What Is Asset Tokenisation, and How Does It Deliver Value for Businesses?

05 Jul, 2023

By Effie Dimitropoulos, Executive General Manager

Asset tokenisation isn’t new, although it has grown popular with blockchain. It essentially means creating or minting digital assets representing ownership in real-world assets. These tokens can be traded almost instantly on exchanges, generating value for their holders.

For example, Joe wants to borrow against his physical piece of land from a DeFi protocol. How does he do it? Joe could mint an NFT on the DeFi network, representing his piece of land, with a permanent record maintained on the blockchain. He can then use the NFT token as collateral for the loan. The loan can be fractionalised to pool several investors and simplify the financing.

With asset tokenisation, businesses can unlock great value and grow their bottom lines. Generally, tokenised assets fall into the categories of security tokens, utility tokens, and stablecoins.

Security tokens, utility tokens, and stablecoins: What’s the difference?

Security tokens, utility tokens, and stablecoins are all forms of tokenisation that can generate value for businesses.

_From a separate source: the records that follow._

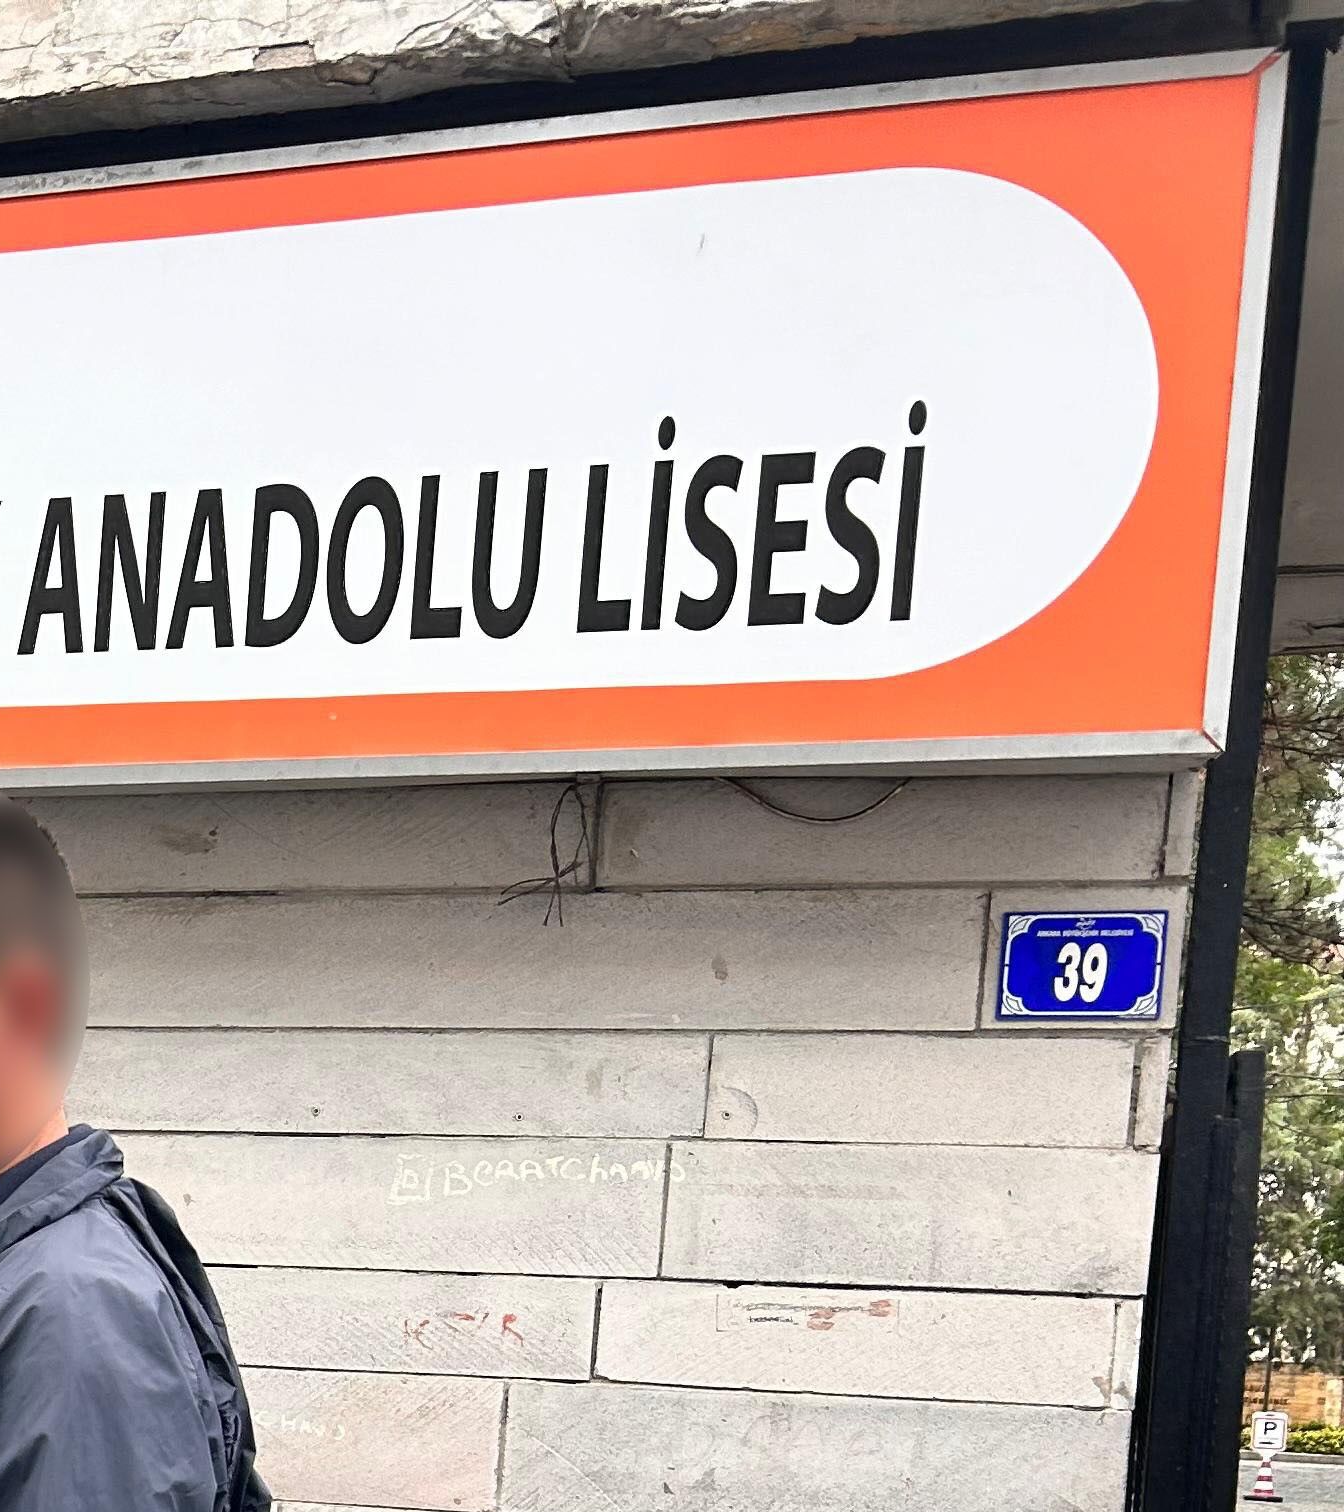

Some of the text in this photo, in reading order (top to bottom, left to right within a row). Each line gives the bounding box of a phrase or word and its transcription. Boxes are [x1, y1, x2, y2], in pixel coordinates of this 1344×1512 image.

[16, 467, 549, 656] ANADOLU
[576, 400, 927, 634] LİSESİ
[1053, 941, 1109, 1003] 39
[1263, 1421, 1278, 1436] P
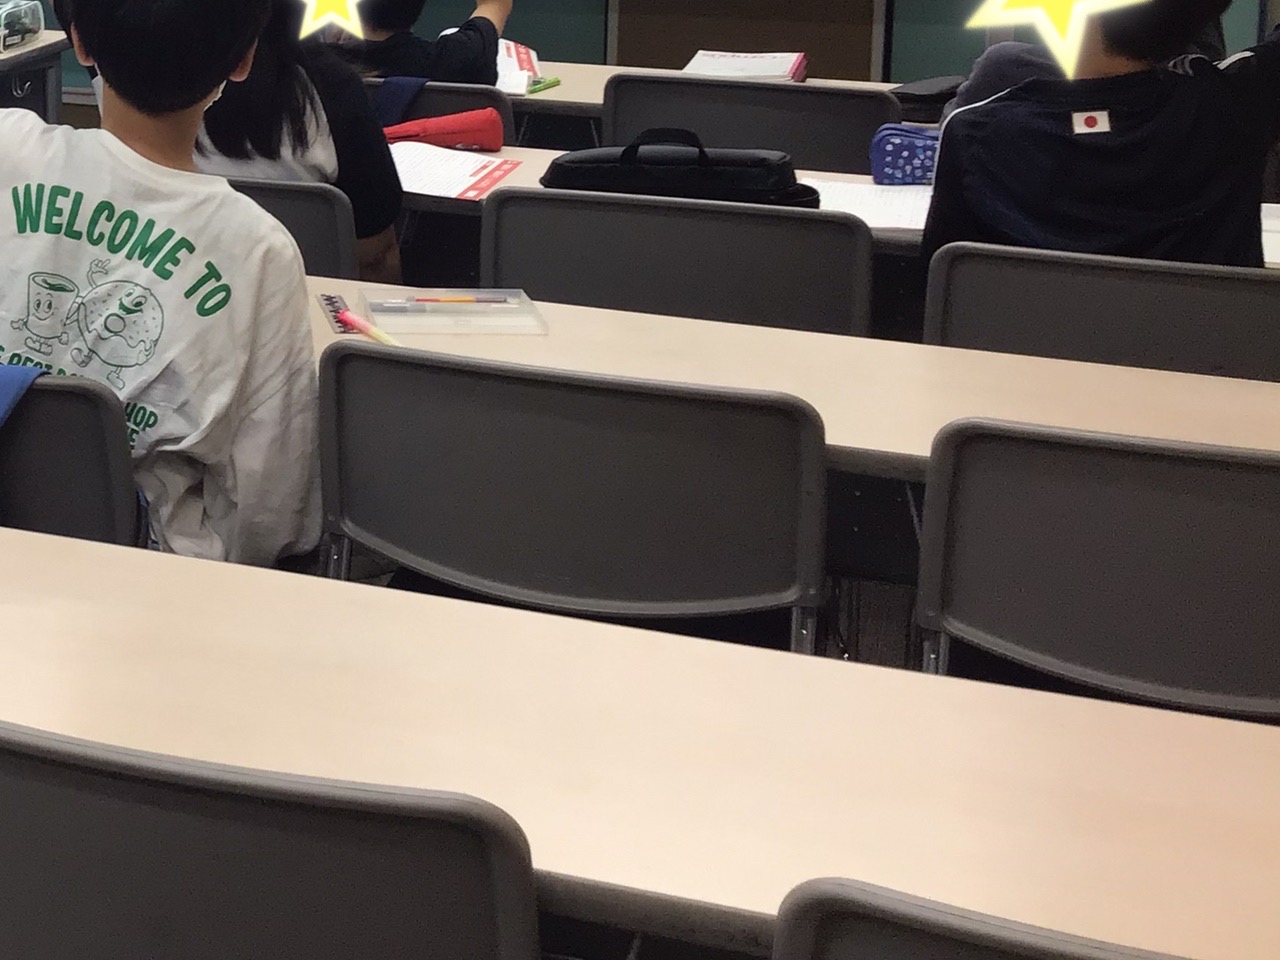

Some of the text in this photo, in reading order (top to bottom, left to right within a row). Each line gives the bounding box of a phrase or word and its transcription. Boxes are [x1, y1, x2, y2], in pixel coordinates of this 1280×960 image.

As such, a distinction between the three is crucial to understand the kind of value that businesses can attain from them.

Security tokens are the most common and involve the creation of digital assets from fungible and non-fungible assets. These assets include artworks, buildings, businesses, land, bonds, etc. Since security tokens are derived from usually regulated assets, they are complex to issue and face barriers that might have cost and liquidity implications.

Utility tokens are created to serve a specific function, like giving their holders the right of access to a decentralised ecosystem. Users of utility tokens benefit from access rights or usage rather than having freehold or earnings from them.

Stablecoins are digital assets that are a more direct form of tokenisation. These assets are pegged 1:1 to an underlying asset, say the dollar or gold. The pegging enables stablecoins to tokenise the value of the assets backing them automatically. An example is the AUDD stablecoin, pegged to the Australian dollar. By doing so, AUDD tokenises A$, giving the currency a new medium of expression within a digital realm.

Delivering value to businesses through tokenisation: The case for AUDD

Different forms of asset tokenisation can deliver value to businesses by increasing the accessibility of underlying assets to investors, customers, and other stakeholders. Narrowing down to stablecoins and using the example of AUDD, we find significant ways businesses can tap into asset tokenisation.

Network leveraging

It is believed that your network is your net worth. The same can be said with asset tokenisation, especially with stablecoins. Tokenisation happens on the blockchain network, delivering all the benefits of a decentralised system to a business. A business that does asset tokenisation enjoys fast, scalable, and secure transactions via blockchain.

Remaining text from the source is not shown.